Judeus tocam o shofar como sinal de paz nos Emirados Árabes Unidos

Após o acordo de paz entre Israel e Emirados Árabes Unidos, uma delegação formada por israelenses e americanos estabeleceram as bases para as relações entre os países.

fonte: Guiame, com informações do Times of Israel

Atualizado: Terça-feira, 1 Setembro de 2020 as 10:02

Judeus se reuniram para orar pela paz em Abu Dhabi, nos Emirados Árabes Unidos. (Foto: Raphael Ahren/Times of Israel)
Judeus se reuniram para orar pela paz em Abu Dhabi, nos Emirados Árabes Unidos. (Foto: Raphael Ahren/Times of Israel)

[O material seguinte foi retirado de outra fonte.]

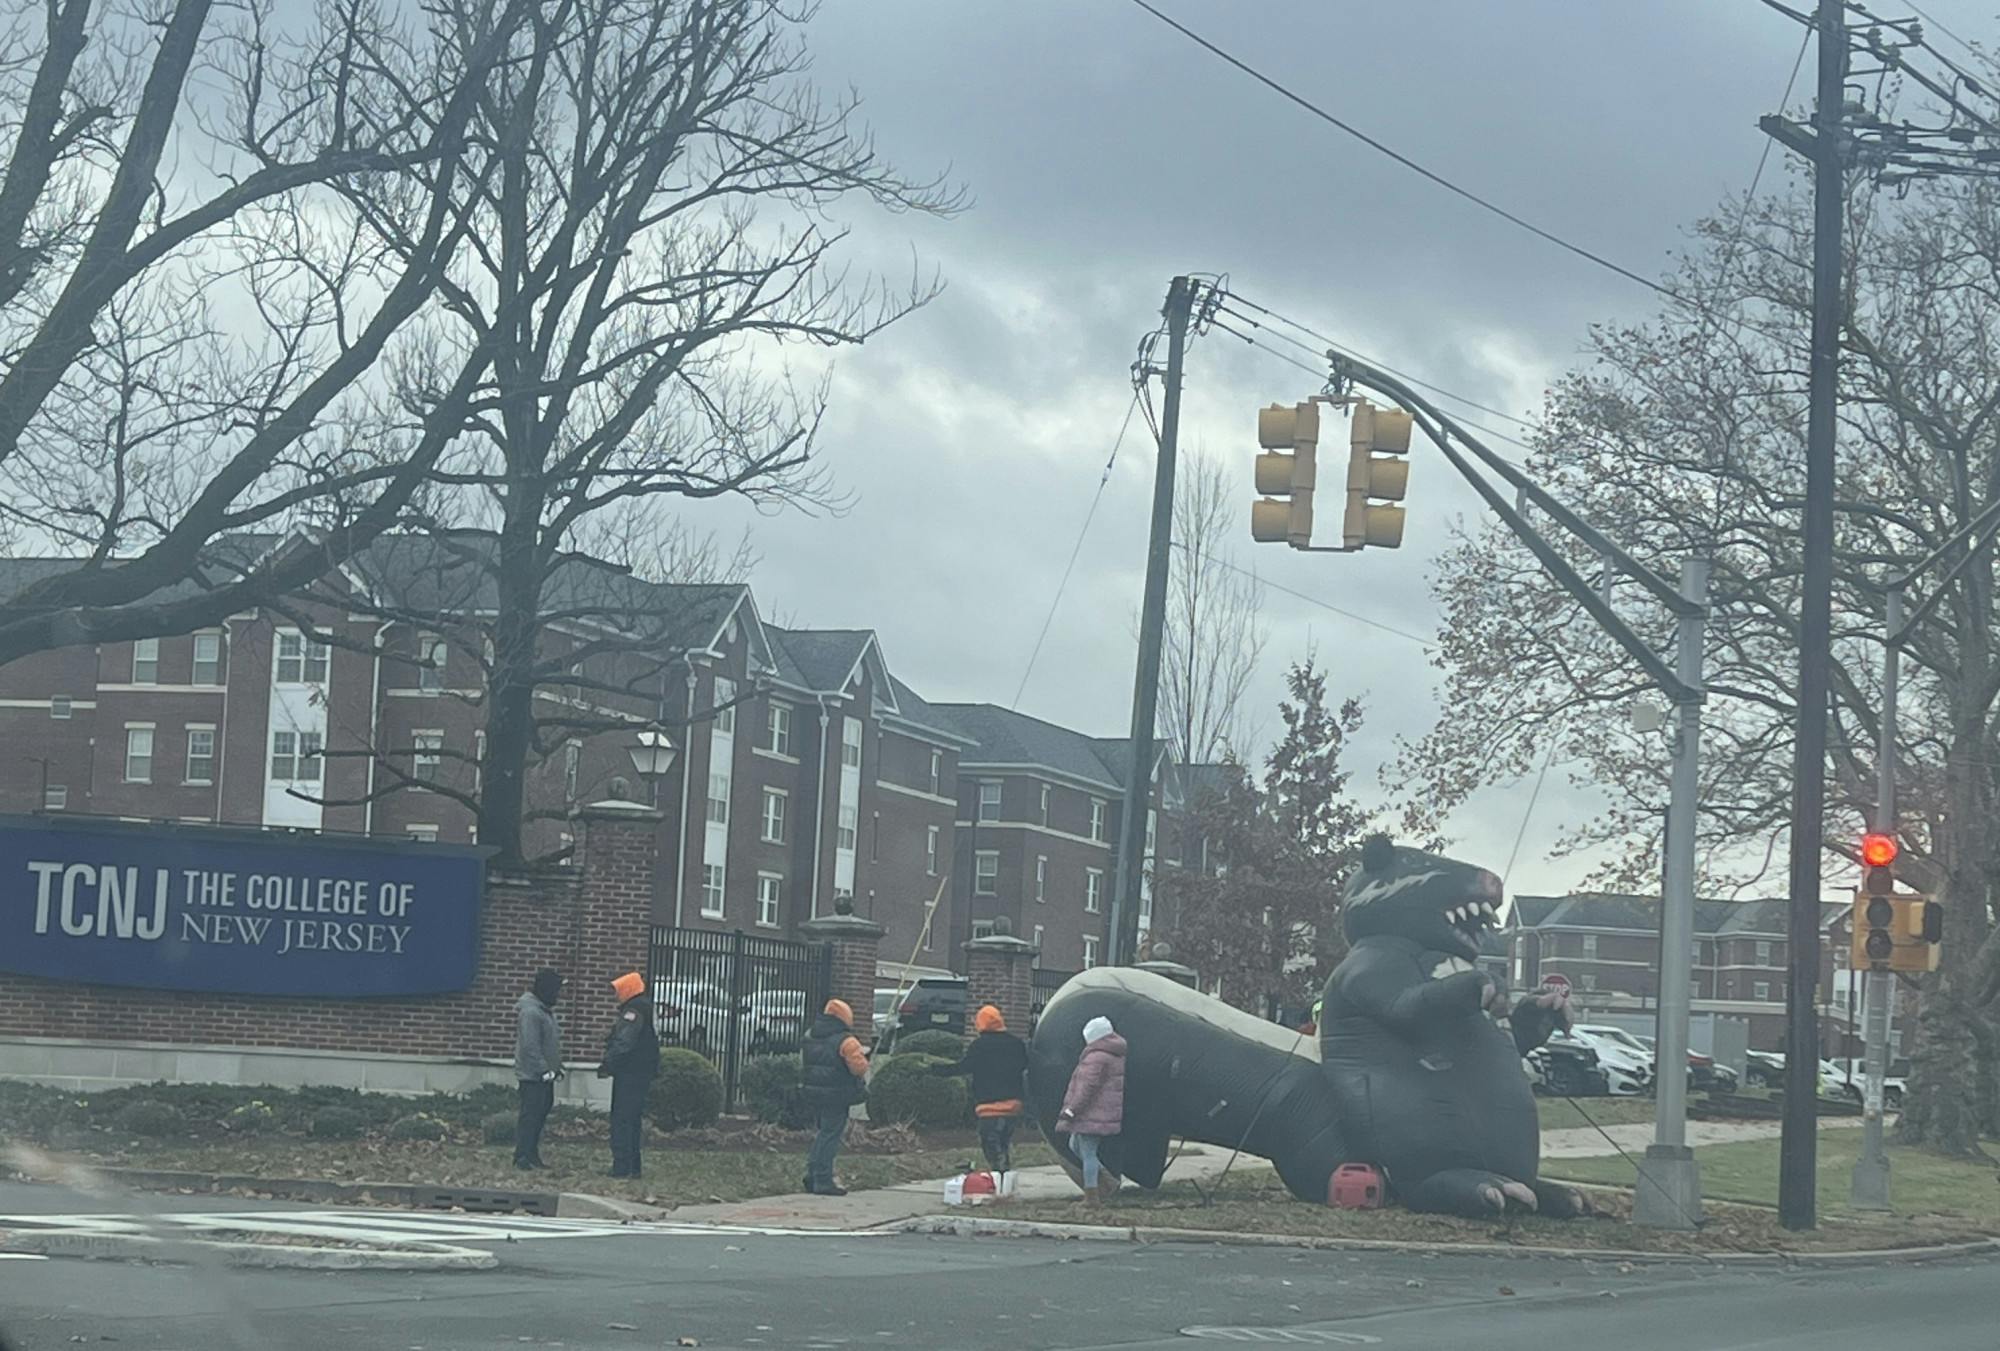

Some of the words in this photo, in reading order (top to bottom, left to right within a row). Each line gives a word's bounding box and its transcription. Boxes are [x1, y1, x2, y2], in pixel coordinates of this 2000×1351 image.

Judeus se reuniram para um encontro de oração na manhã desta terça-feira (1) em Abu Dhabi, durante a visita histórica de uma delegação conjunta dos Estados Unidos e Israel aos Emirados Árabes Unidos, estabelecendo as bases para o acordo de paz.

O encontro contou com o Conselheiro de Segurança Nacional de Israel, Meir Ben Shabbat, e judeus que fazem parte de comunidades ortodoxas em Dubai.

Embora a Torá não seja lida às terças-feiras, segundo a tradição judaica, os judeus ortodoxos levaram rolos para Abu Dhabi. Ben-Shabat abriu brevemente um dos pergaminhos e recitou uma passagem que fala sobre paz. 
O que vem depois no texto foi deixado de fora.